The original mission statement (1997) of P.S. 24, a 4-year-old elementary school in the low-income, immigrant Sunset Park community of South Brooklyn, called for a “bilingual nested learning community.” This concept emerged from educators’ understanding of what they needed to do to improve the education of English language learners (ELLs). This paper presents an ethnographic case study addressing the applied research question: What specific professional development strategies and practices used by dual language teachers and their supervisors at P.S. 24 contribute to developing a bilingual, reflective, and skillful “adult learning community”?

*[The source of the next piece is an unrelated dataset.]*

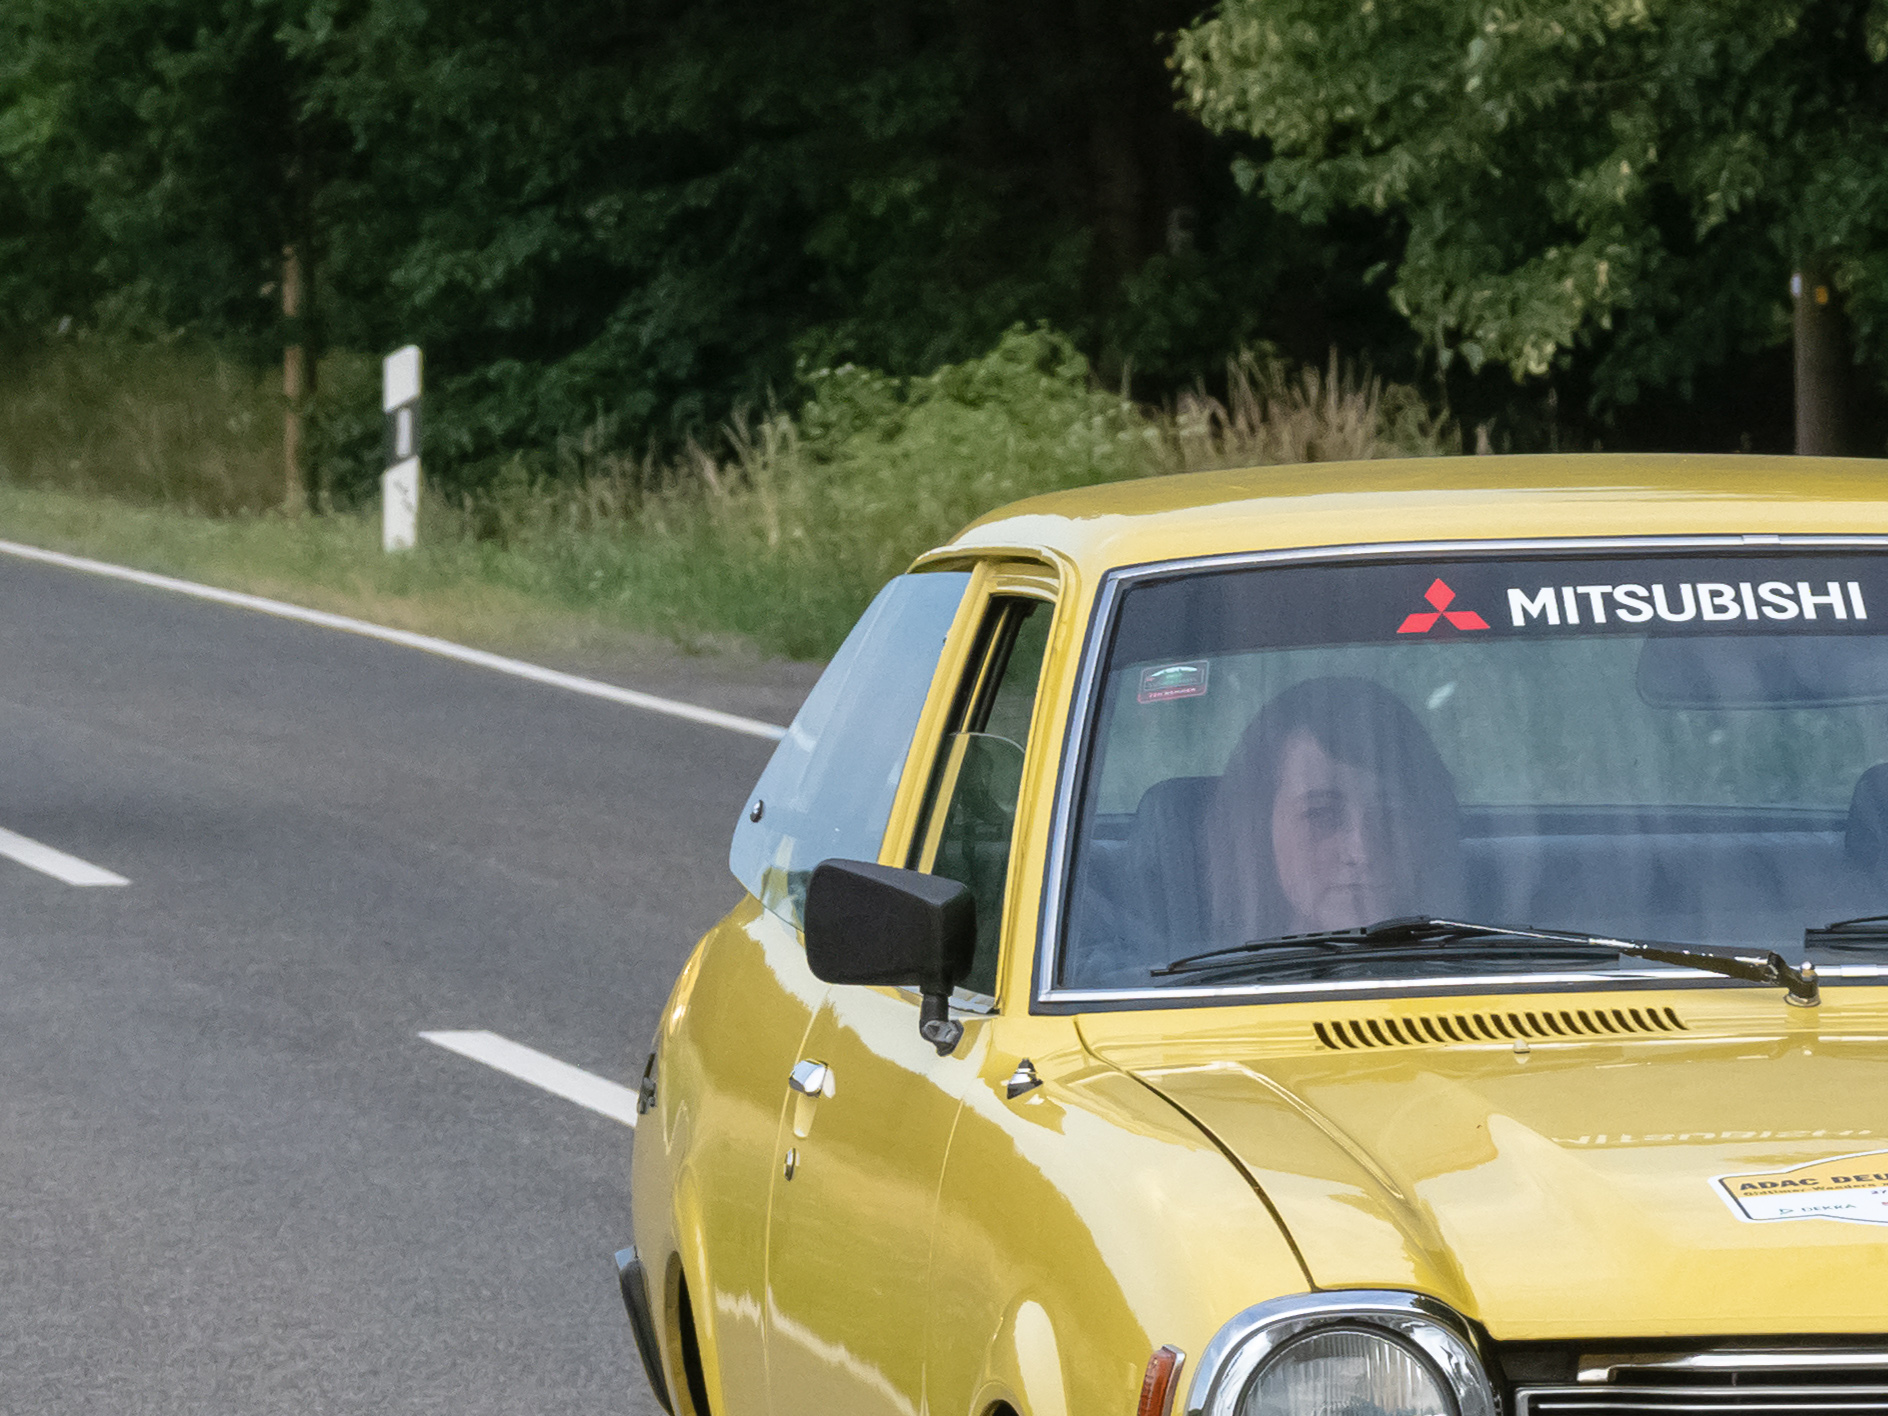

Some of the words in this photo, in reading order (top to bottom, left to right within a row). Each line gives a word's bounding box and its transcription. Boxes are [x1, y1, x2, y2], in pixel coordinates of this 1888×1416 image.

[1507, 580, 1868, 627] MITSUBISHI
[1740, 1177, 1820, 1191] ADAC
[1801, 1203, 1857, 1213] DEKRA

There are, in fact, disparate literatures that deal with effective bilingual/ dual language education and professional development models. The literature, in particular, documents that successful schools have strong professional development frameworks with specific characteristics. The “best practices” that constitute the “adult learning community” model of professional development are the following: reflective practice, teacher inquiry, continuous learning, and celebrating/sharing successful instructional practices (Lawson, 1997); on-the-job learning (Wood & McQuarrie, 1999); a supported curriculum, including training, mentoring, coaching, and technical assistance (Harwell-Kee, 1999); and transformational leadership (Showers, 1985). However, few studies have described and analyzed these practices in bilingual or dual language school settings (Clair & Adger, 2000; Gonzalez & Darling– Hammond, 1997). In fact, most studies have discussed professional development issues as part of larger analyses of effective bilingual/dual language programs or schools (Lindholm-Leary, 2001; Reyes, Scribner, & Paredes Scribner, 1999; Slavin & Calderon, 2001). This paper will describe the bilingual nested learning community model as it developed at P.S. 24.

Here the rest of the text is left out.